Kurikulum Merdeka di jenjang Sekolah Menengah Atas (SMA) membawa sebuah inovasi penting yang tidak hanya fokus pada aspek akademik, tetapi juga pengembangan karakter dan soft skill siswa. Inovasi tersebut adalah Projek Penguatan Profil Pelajar Pancasila (P5). Program ini dirancang untuk membekali siswa dengan kompetensi global dan karakter Pancasila, yang esensial dalam mempersiapkan mereka menjadi pemimpin masa depan yang berintegritas dan adaptif.
Projek Penguatan Profil Pelajar Pancasila adalah kegiatan kokurikuler berbasis projek yang dirancang untuk mengembangkan enam dimensi Profil Pelajar Pancasila: Beriman, bertakwa kepada Tuhan YME, dan berakhlak mulia; Berkebinekaan global; Bergotong royong; Mandiri; Bernalar kritis; dan Kreatif. Berbeda dengan mata pelajaran tradisional, P5 menekankan pada pembelajaran berbasis pengalaman dan kolaborasi lintas disiplin. Siswa tidak hanya belajar teori, tetapi langsung terlibat dalam pemecahan masalah nyata di lingkungan mereka. Misalnya, pada semester genap tahun ajaran 2024/2025, SMA Negeri 1 Jakarta melaksanakan Projek Penguatan bertema “Gaya Hidup Berkelanjutan” di mana siswa melakukan riset tentang sampah plastik di lingkungan sekolah dan merancang solusi daur ulang yang inovatif.

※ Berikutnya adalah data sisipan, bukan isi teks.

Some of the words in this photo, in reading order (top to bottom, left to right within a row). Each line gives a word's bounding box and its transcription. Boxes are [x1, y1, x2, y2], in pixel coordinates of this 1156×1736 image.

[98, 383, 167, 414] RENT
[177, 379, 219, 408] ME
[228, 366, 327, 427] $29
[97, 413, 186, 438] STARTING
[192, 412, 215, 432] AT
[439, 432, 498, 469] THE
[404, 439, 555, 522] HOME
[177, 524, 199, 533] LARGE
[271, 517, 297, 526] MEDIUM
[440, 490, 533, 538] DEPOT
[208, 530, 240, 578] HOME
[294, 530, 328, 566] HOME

Pelaksanaan Projek Penguatan ini melibatkan berbagai tahapan, mulai dari identifikasi masalah, perencanaan, pelaksanaan, hingga evaluasi dan presentasi hasil. Siswa bekerja dalam kelompok, berinteraksi dengan masyarakat, dan berkolaborasi dengan guru pembimbing dari berbagai mata pelajaran. Proses ini secara langsung melatih kemampuan kepemimpinan, komunikasi, kerja sama tim, dan pemecahan masalah, yang merupakan keterampilan kunci bagi seorang pemimpin. Menurut hasil evaluasi sementara dari Kementerian Pendidikan, Kebudayaan, Riset, dan Teknologi per 18 Juni 2025, sekolah-sekolah yang mengimplementasikan P5 secara efektif menunjukkan peningkatan signifikan dalam kemandirian dan kreativitas siswa.

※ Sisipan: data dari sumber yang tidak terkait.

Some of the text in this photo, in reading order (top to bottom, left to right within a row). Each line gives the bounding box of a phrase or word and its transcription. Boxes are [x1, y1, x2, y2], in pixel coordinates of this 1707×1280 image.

Tantangan dalam Projek Penguatan ini adalah memastikan relevansi projek dengan isu-isu lokal dan global, serta membimbing siswa untuk dapat menganalisis masalah secara kritis dan menemukan solusi yang inovatif. Guru juga dituntut untuk menjadi fasilitator, bukan hanya pemberi materi, sehingga siswa memiliki ruang lebih besar untuk berekspresi dan berkreasi.

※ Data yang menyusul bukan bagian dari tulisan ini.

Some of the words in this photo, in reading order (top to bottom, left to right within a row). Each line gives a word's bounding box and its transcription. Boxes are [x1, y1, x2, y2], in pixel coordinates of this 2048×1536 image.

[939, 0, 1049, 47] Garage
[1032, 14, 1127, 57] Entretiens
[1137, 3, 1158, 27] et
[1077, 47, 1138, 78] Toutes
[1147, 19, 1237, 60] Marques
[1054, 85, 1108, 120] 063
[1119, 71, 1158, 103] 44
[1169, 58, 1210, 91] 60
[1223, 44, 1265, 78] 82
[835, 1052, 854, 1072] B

Melalui Projek Penguatan Profil Pelajar Pancasila, SMA tidak hanya mencetak lulusan dengan nilai akademik tinggi, tetapi juga individu yang berkarakter kuat, berwawasan luas, dan memiliki keterampilan kepemimpinan yang matang. Ini adalah langkah progresif dalam mempersiapkan generasi muda yang siap menjadi agen perubahan dan pemimpin yang akan membawa Indonesia menuju masa depan yang lebih baik.